What Jet found was long line of various people. Some were naked like he was previously, while others actually managed clothes. He saw older fire nation man with scowl in a tunic and mutton chops. Jet frowned at him and saw a very cocky looking water tribe boy. His skin was more mauve than the rich caramel that his people normally had. Jet figured that this guy might have frozen to death. Yikes. He heard his name.
“Jet! Soul number 378,” called a voice. Jet sauntered down from the line to a booth in back. His Judge….a large green frog wearing a pale yellow tunic. The frog was apparently one of King Enma’s lackeys. His bulging yellow eyes and large throat sac made him both comical and dire.
“I am Yao Ta Bo, I will be your judge. Hmm let’s go through your files.” With a ribbit a manila folder two inches thick appeared- Jet’s life-file apparently. The freedom fighter gulped as Yao looked through it.
“Well your childhood was normal except for the raid that destroyed your family…hmm the Freedom Fighter thing had good intentions. But the whole total war thing, well I guess that didn’t work out with the Avatar around.” The frog gave a throaty chuckle. Jet pouted, he didn’t like where his was going. No way was eternal suffering going to be his sentence. Yao Ta Bo continued.
“Between your obsession with the Fire Nation and your twisted sense of justice and your brainwashing, it looks like you lived a rather short but wild life. Maybe you need a second chance.” The great green amphibian ribbited a few times and looked at Jet.
“Ummm, so I am not going to Hell?” Jet meekly asked the frog-spirit. Yao Ta Bo shook his head.
“Nope, that’s too harsh for you. Reincarnation it is! You’ll be reborn as citizen of the Fire Nation!” Jet looked stunned, he spent his whole life hating that race and now he was going to end up as one?!
“Wait! Can’t we reconsider this? How about as Water tribe? I could be a waterbender, how about that?” Yao ribbited a no and shook his head.
“Lord Emna decided that your next life would be ironic twist to the seeming lack of irony in your old life. Jet decided he would have to beg.
“Oh pleaaaasse! Can’t we make a deal! Anything, just don’t let me be reincarnated…as Fire Nation!” Yao Ta Bo was getting sadistic amusement in this. Normally souls that are to be reincarnated are ushered down a hall of couples making love, and they pick one of them for parents. Enma decided to by-pass that and picked out Jet’s parents for him. The frog had a sadistic grin.

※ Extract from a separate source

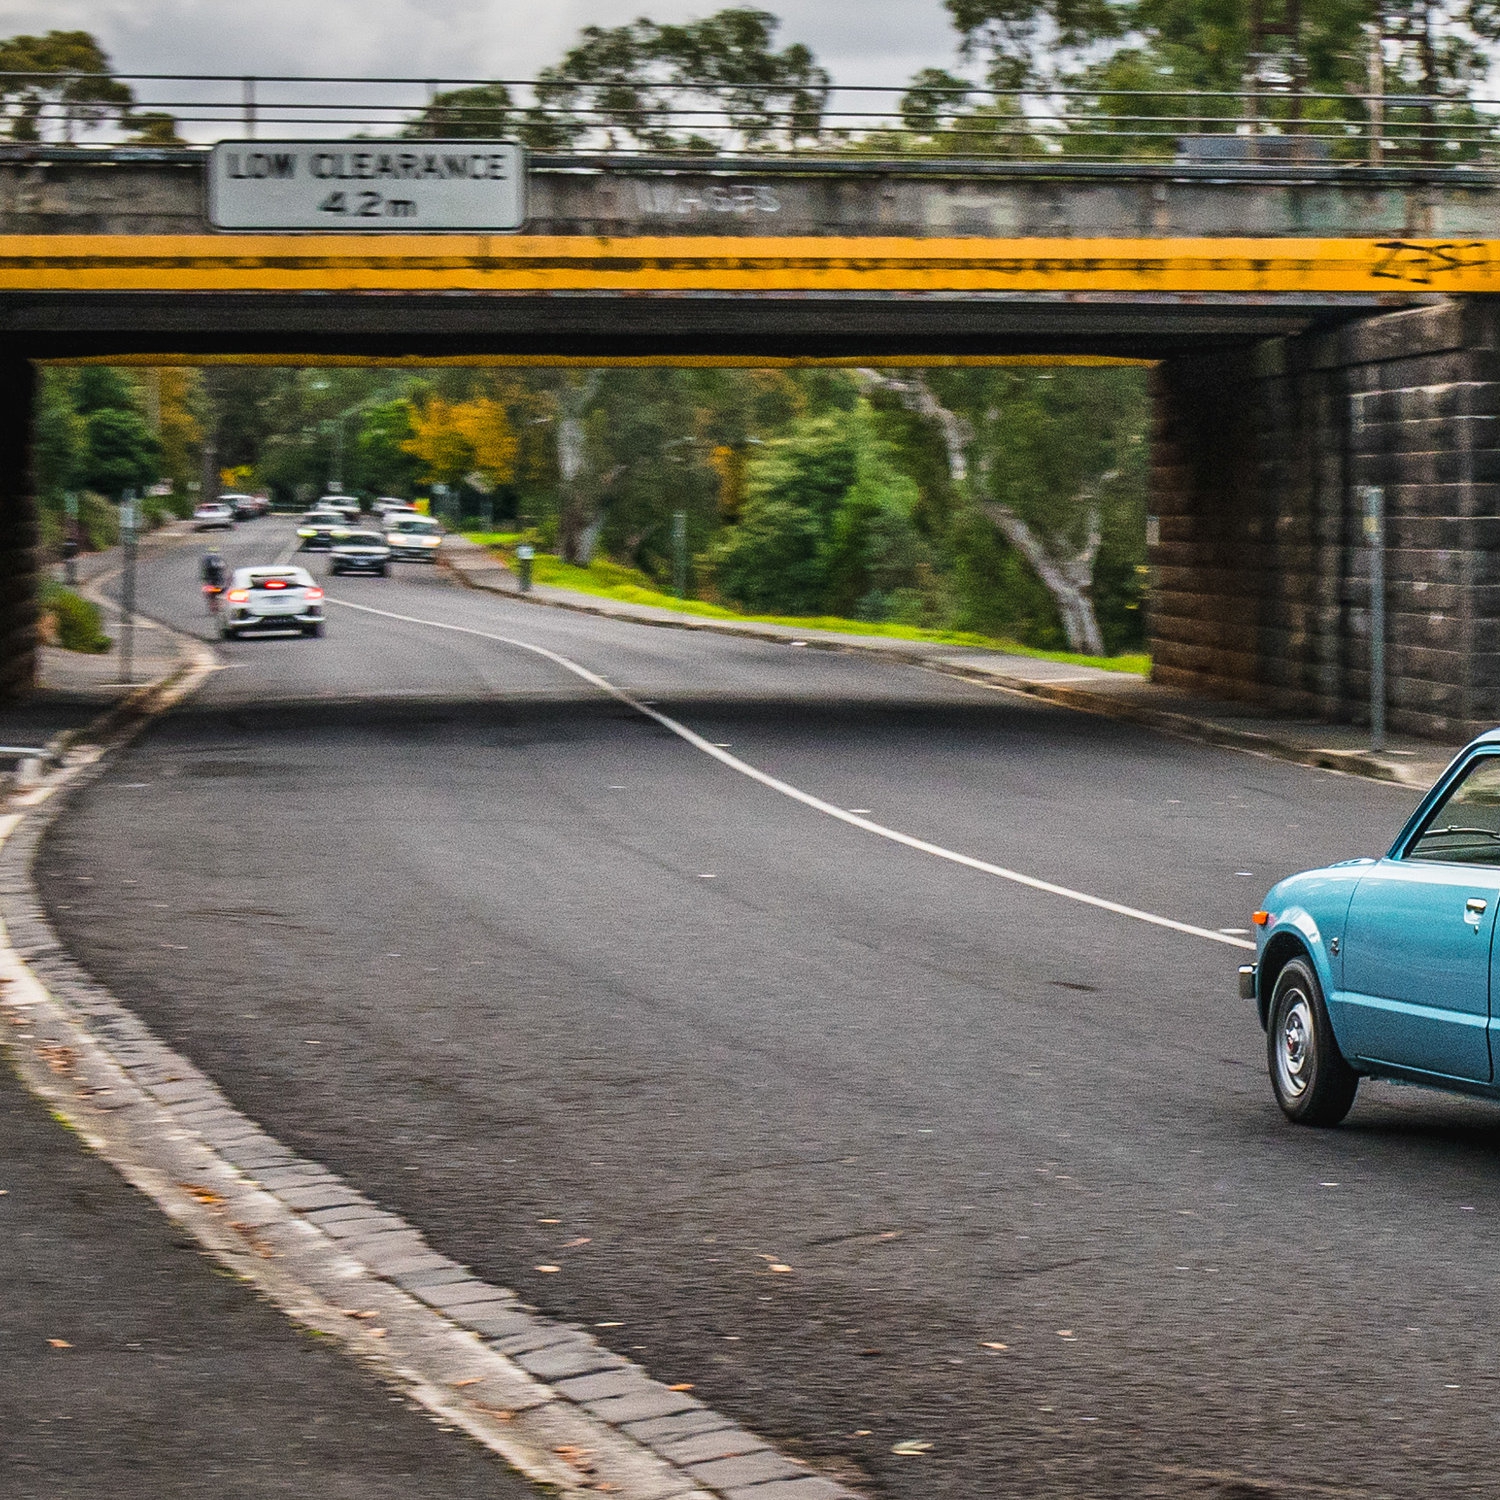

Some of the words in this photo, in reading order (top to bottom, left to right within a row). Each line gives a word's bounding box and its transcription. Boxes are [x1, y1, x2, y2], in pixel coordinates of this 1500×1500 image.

[226, 154, 296, 180] LOW
[309, 154, 508, 181] CLEARANCE
[318, 191, 418, 218] 4.2m

“Last words?” Jet gave a pleading look; Yao shrugged and pulled the lever behind his oak desk. “See you in your next life Soul 378.” Jet felt the floor open up, and fell down the hole screaming. Yao ribbited,
“Next? Hahn and Zhao?”
Out of the spirit world screaming, out of the womb screaming, an infant was born in small village on a Fire Nation island. The new body was cold and hungry and wanted his mother. The child was handed to a tired-looking woman, and in the back of the mind of the new child was a thought:
I can believe I came out of the womb for this sh*! Reincarnation sucks
AN: ok so it's not bad, but it could be better, I might turn this into a short comic or some illstrations
Bard Child
Disclaimer: I don't own avatar...Mike n'Bryan do...Mmmkay?
Moving on, Fic is rather short I might do a series of Adventures of the Spirit world. Anyway PG-13 for brief nudity, talking frogs and opal mud << and slight cursing
So, This is death….
Slogging through the thick opal mud in some dank swamp, Jet was grumbling. He was dead. Not just dead, but totally soul-thrown-from-body-into-the-pits-of-the-spirit-world dead. dang, what a way to go. He was lying on the cold stone floor of Lake Laogai, staring into the eyes of Smellerbee and Longshot, asphyxiating in his own blood. The next minute he was thrown into a puddle of green slime, butt-naked. Jet quickly assumed that he was dead, and his nakedness was due to the fact that souls don’t wear clothes. Well that did suck. Still, Jet figured he could will some illusion of clothing so at least he didn’t have to wade through the swamp in the nude. Now at least he had trousers. Bright lime green trousers, actually, with cream yellow lemons on them. Why? He didn’t know, maybe he was craving lemon tarts when he willed pants on.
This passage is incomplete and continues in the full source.